- _What is being asked_
Each entry that follows should be set down precisely, with its pictures removed.

- _Data shown_
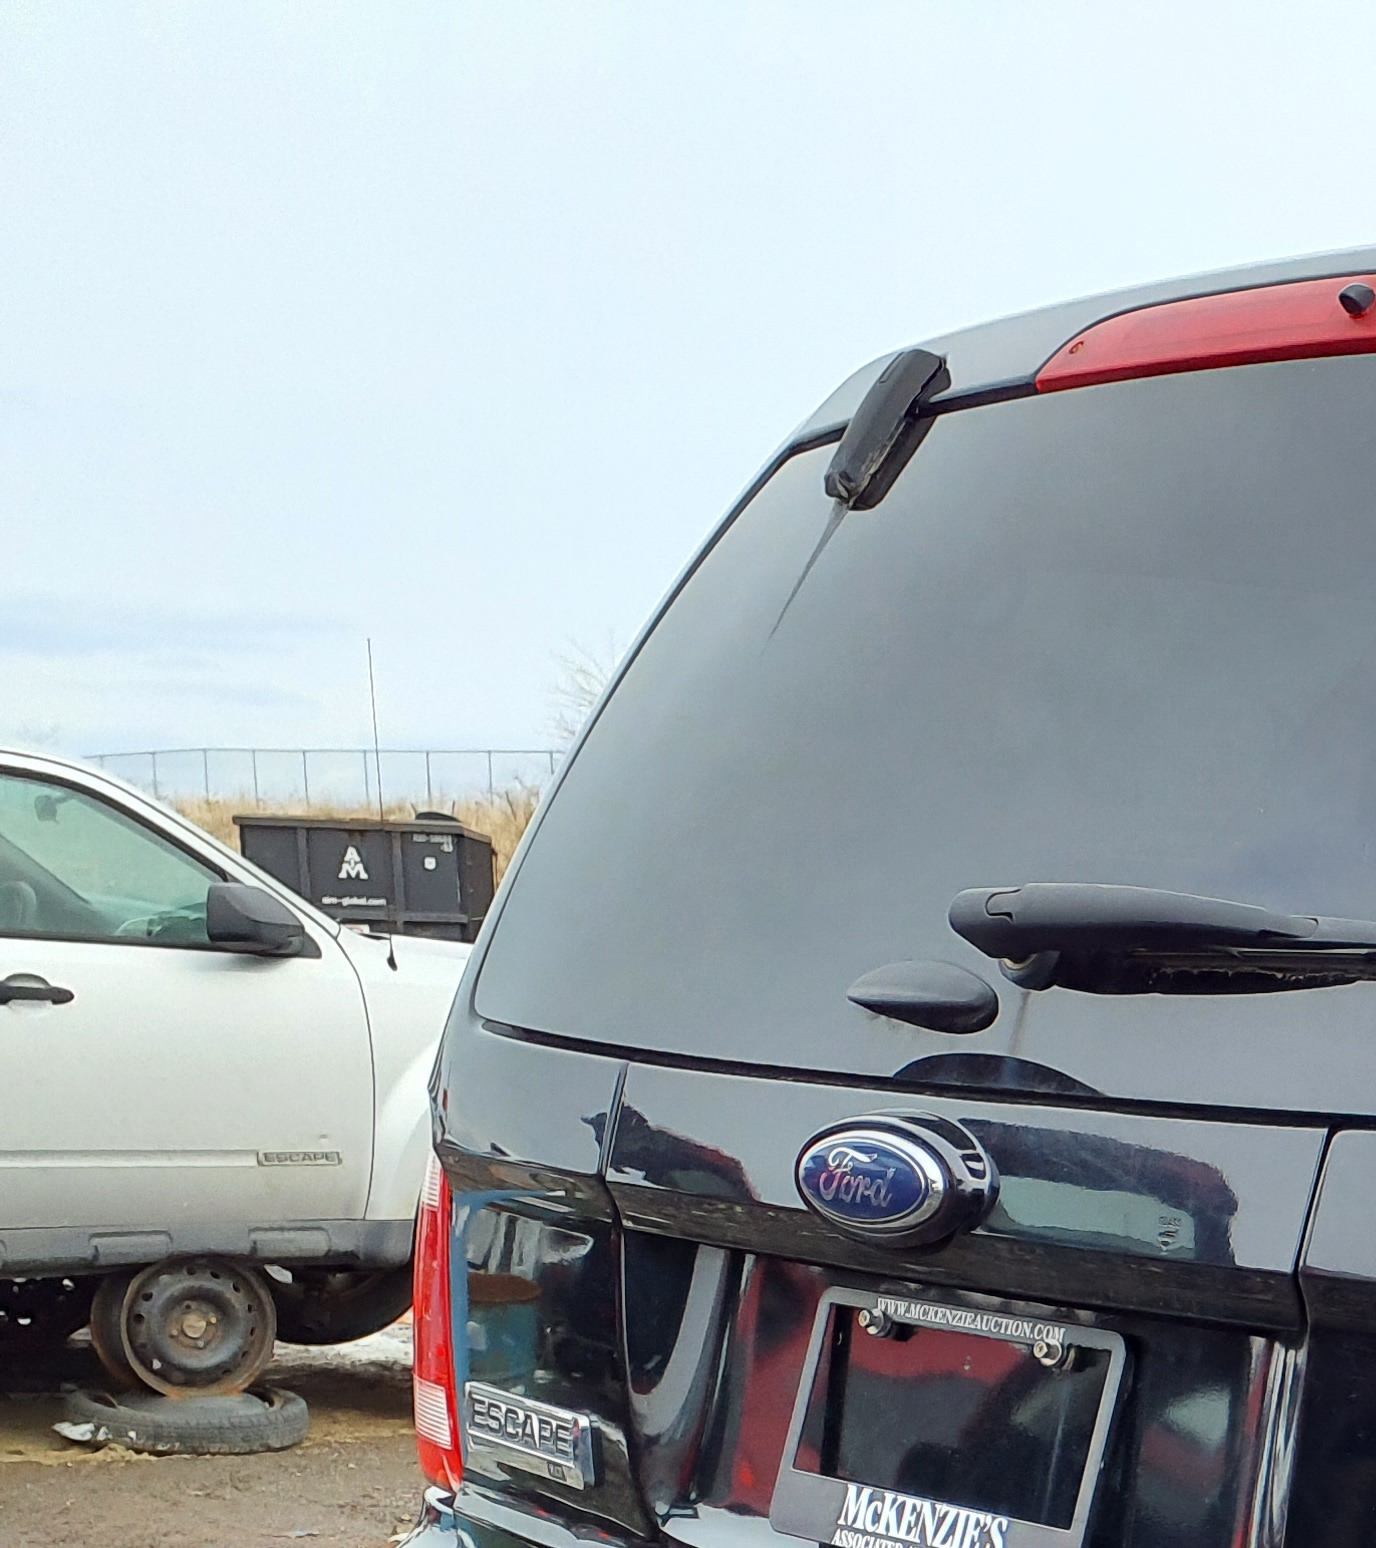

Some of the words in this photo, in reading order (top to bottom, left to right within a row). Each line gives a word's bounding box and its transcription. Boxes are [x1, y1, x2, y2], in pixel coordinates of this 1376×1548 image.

[263, 1152, 338, 1164] ESCAPE
[819, 1146, 893, 1208] Ford
[877, 1297, 1066, 1343] WWW.MCKENZIEAUCTION.COM
[470, 1393, 575, 1457] ESCAPE
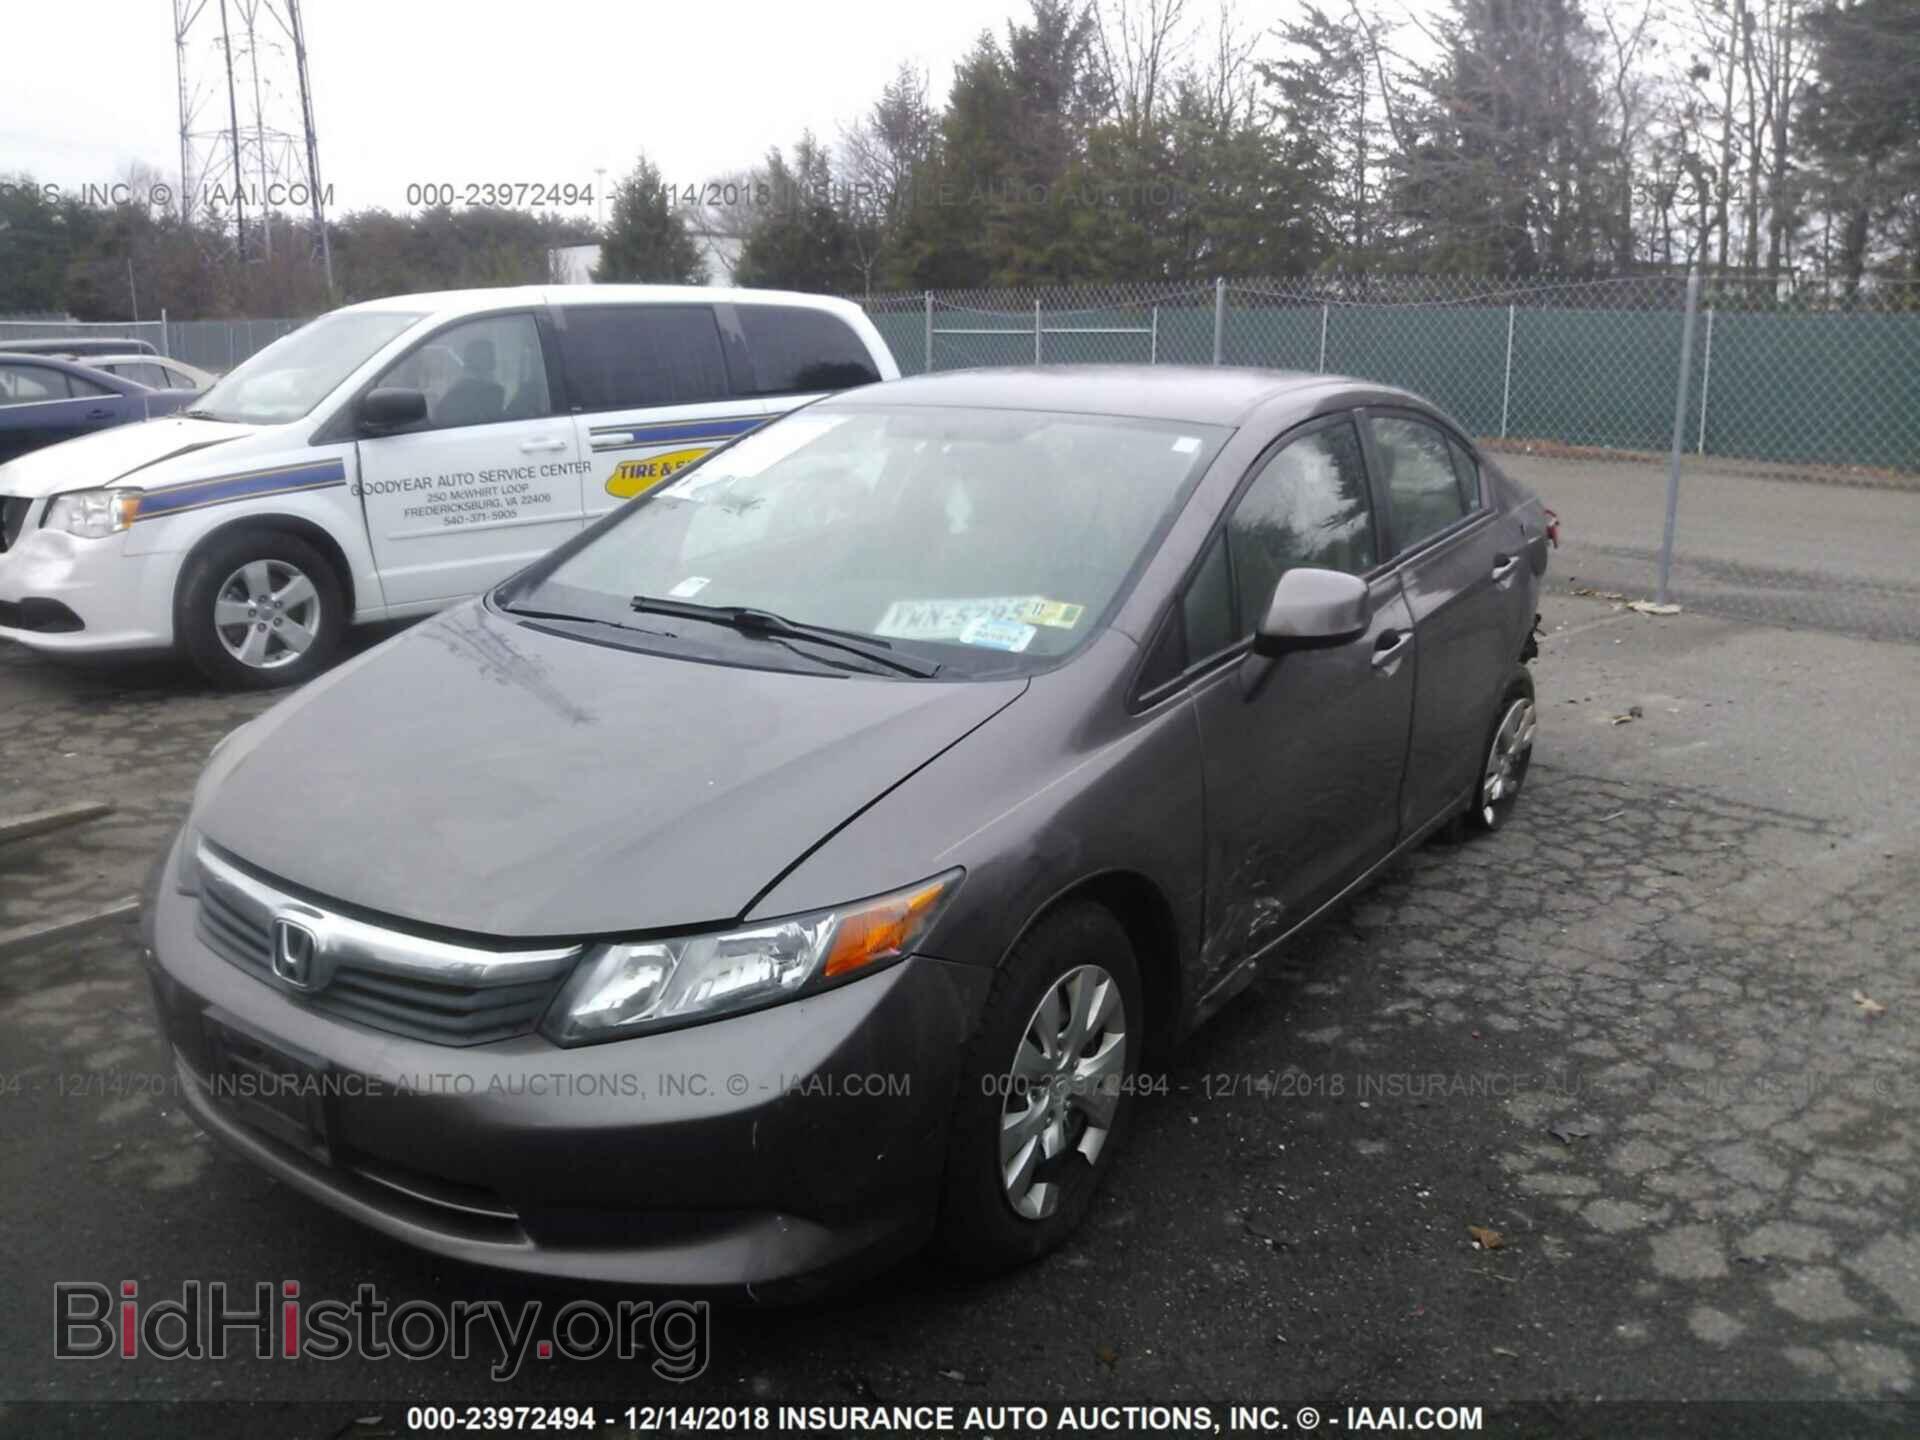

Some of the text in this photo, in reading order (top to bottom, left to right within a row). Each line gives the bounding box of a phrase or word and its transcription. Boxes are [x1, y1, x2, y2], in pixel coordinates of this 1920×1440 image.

- _Answer to this problem_
Some of the words in this photo, in reading order (top to bottom, left to right within a row). Each line gives a word's bounding box and its transcription. Boxes are [x1, y1, x2, y2], in pixel coordinates of this 1376×1548 image.

[263, 1152, 338, 1164] ESCAPE
[819, 1146, 893, 1208] Ford
[877, 1297, 1066, 1343] WWW.MCKENZIEAUCTION.COM
[470, 1393, 575, 1457] ESCAPE

Some of the text in this photo, in reading order (top to bottom, left to right within a row). Each line gives the bounding box of a phrase or word and its transcription. Boxes are [x1, y1, x2, y2], in pixel coordinates of this 1920×1440 image.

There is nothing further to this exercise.